Extremly slow write to S3 bucket with xarray.Dataset.to_zarr

I’m facing a similar issue. I’m testing the potential of zarr on S3. For my tests, I’m using a 22.2 MB NetCDF file (ECMWF_ERA-40_subset.nc) obtained from https://www.unidata.ucar.edu/software/netcdf/examples/ECMWF_ERA-40_subset.nc.

I open the file with:

ds = xr.open_dataset('ECMWF_ERA-40_subset.nc')

then I dump it as zarr to the local disk with:

ds.to_zarr(store='zarr_example.zarr')

Writing takes approximately 0.46 seconds.

However, if I set the store as an S3 destination and write it as follows:

s3 = s3fs.S3FileSystem(key=..., secret=..., default_fill_cache=False)
store= s3fs.S3Map(root='s3://.../zarr_example.zarr', s3=s3, check=False)
ds.to_zarr(store=store)

…the process takes around 195.94 seconds (!)

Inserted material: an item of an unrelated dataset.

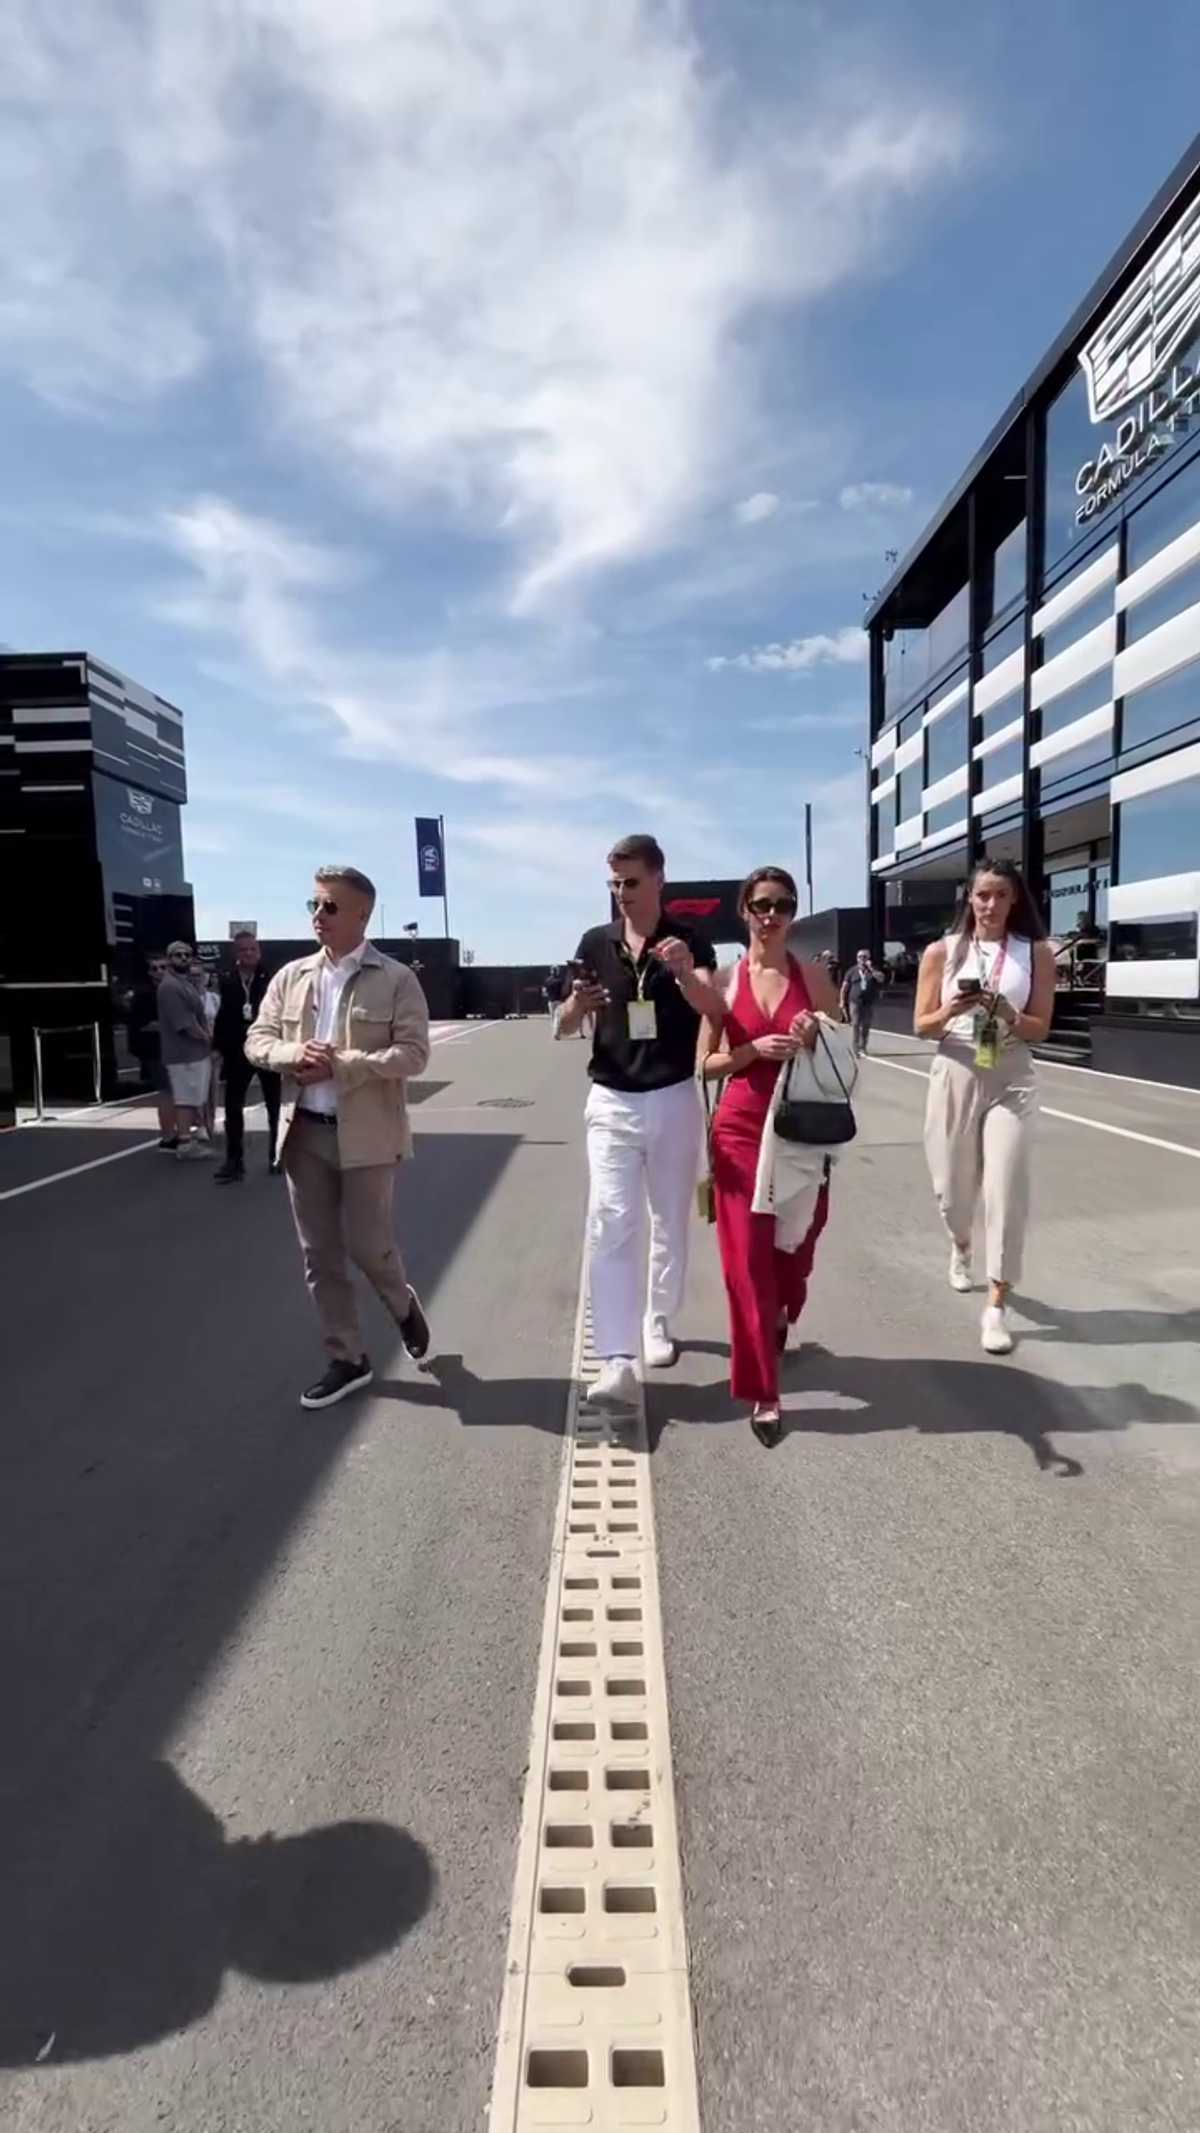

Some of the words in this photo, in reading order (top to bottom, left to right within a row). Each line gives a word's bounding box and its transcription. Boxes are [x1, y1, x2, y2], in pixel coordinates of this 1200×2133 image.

[1075, 357, 1200, 495] CADILL
[1075, 433, 1160, 527] FORMULA
[424, 848, 437, 872] FIA

The behaviour is similar with a simple 20-something MB geotiff, loaded via rioxarray. This leads me to believe that the issue lies somewhere along the interface with the S3.

It’s worth noting that I’m located in Denmark with a Gigabit connection.

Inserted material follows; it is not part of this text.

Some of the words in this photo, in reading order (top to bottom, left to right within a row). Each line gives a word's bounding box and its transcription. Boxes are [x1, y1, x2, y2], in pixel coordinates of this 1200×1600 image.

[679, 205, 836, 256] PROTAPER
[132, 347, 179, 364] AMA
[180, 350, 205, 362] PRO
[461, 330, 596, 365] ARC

I’d be very interested in your method to achieve such levels of performance.

I’m a bit disappointed in S3FS at the moment because of the abysmal numbers I’m getting.

Hi sotosoul,

I have no experience with S3. The I/O speeds I’m having are on a LUSTRE architecture or on local storages. I’ve tested on my laptop your ERA subset and I’m having a writing speed of O(150ms), to convert the file from the netCDF format into the format we’re using.

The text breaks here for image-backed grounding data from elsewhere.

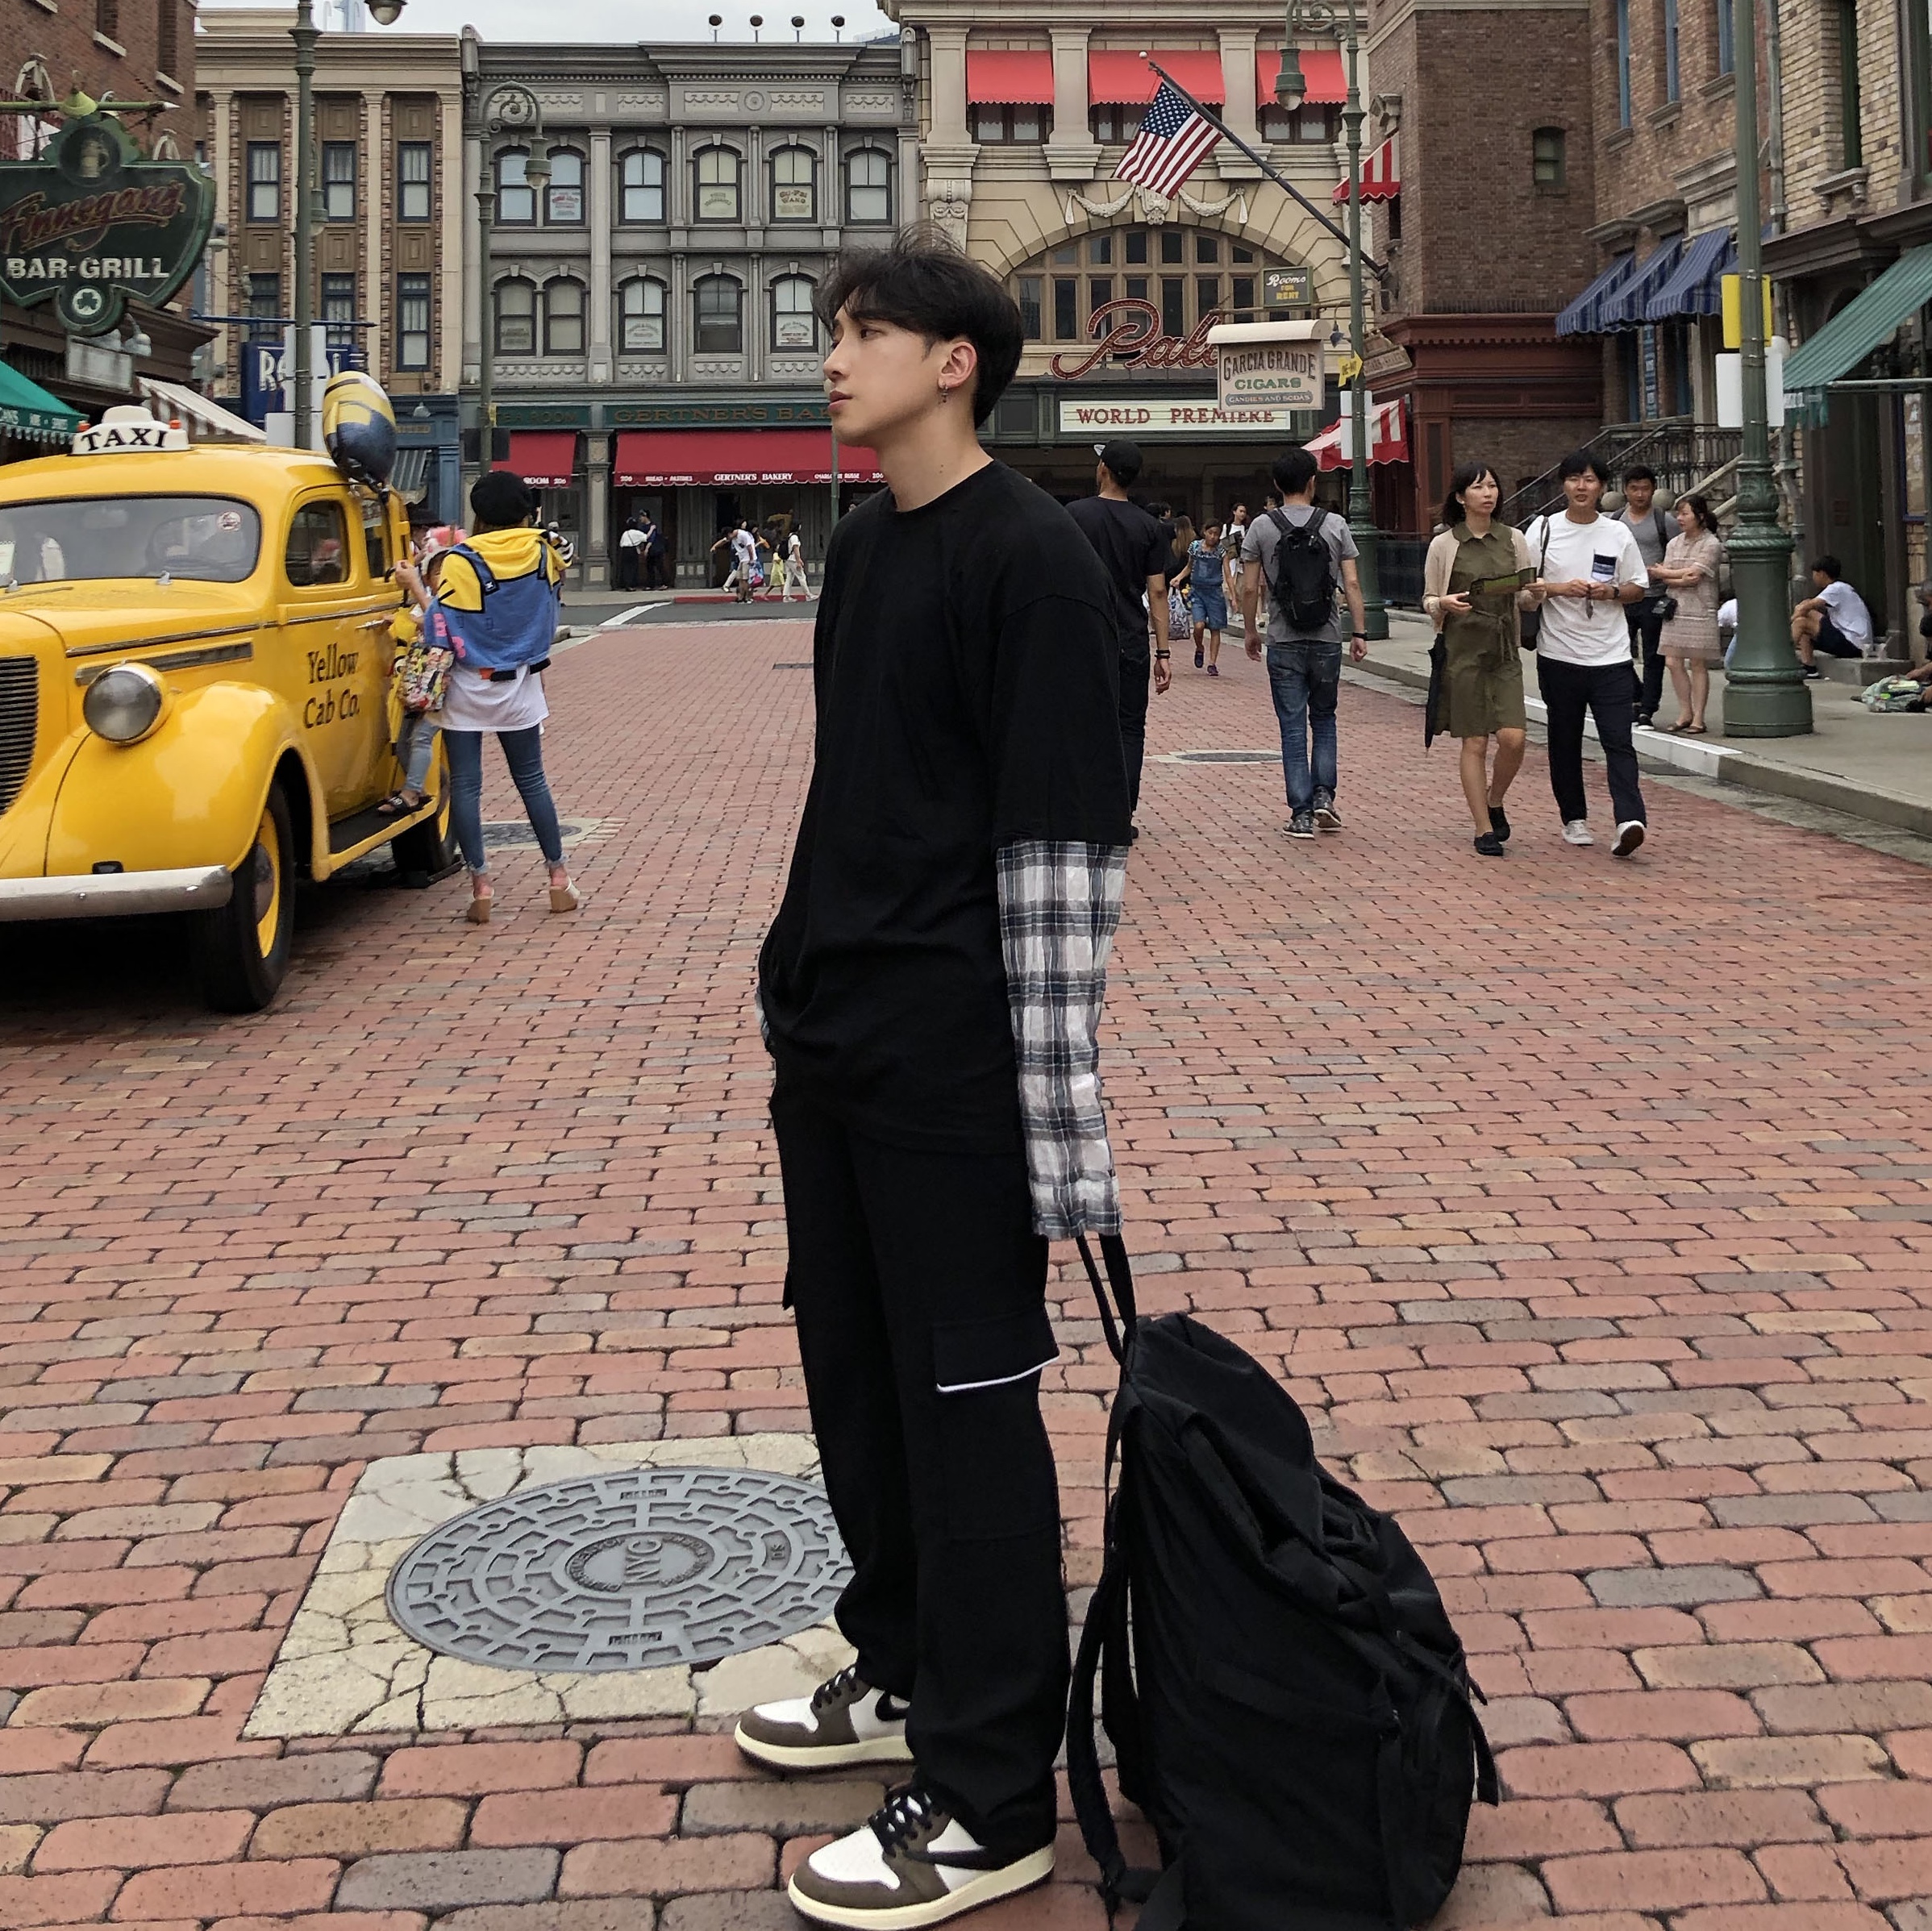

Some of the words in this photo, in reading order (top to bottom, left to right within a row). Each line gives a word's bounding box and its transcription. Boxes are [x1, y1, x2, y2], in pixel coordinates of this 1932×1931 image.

[1266, 273, 1306, 287] Rooms
[1223, 352, 1265, 381] GARCIA
[1267, 350, 1316, 381] GRANDE
[1235, 377, 1302, 390] CIGARS
[614, 406, 767, 422] GERTNER'S
[1076, 408, 1151, 424] WORLD
[1170, 407, 1275, 424] PREMIERE
[81, 427, 168, 452] TAXI
[714, 472, 757, 481] GERTNER'S
[762, 472, 793, 481] BAKERY
[306, 642, 360, 684] Yellow
[303, 689, 335, 729] Cab
[624, 1537, 664, 1588] NYC

The idea behind our format is quite different from zarr: instead of having many small files, which put the burden on the OS and which increases the number of inodes, we put all the data into an as big as possible file (500GB for our experiment).

I could elaborate on that if it is relevant. So far, it’s a very handy data format, quite adapted to our volume of data (several PB from a gridded model) but we didn’t advertise on it, so it remains confidential.

nice, interested to hear more, I saw a HPC talk include Lustre the other day to simulate posix file sys for netcdf on S3 buckets, I don’t think the usecase was as compelling as yours (someone needs to fix an old C lib) but v interested to make the connection across different spheres, the hpc users were praising the Lustre solution :pray:

It’s important to emphasize that the characteristics of a supercomputer filesystem like Lustre and an object store like S3 are extremely different. What works well on Lustre will not work on S3. For example, object store does not support “partial writes” to a region of an object.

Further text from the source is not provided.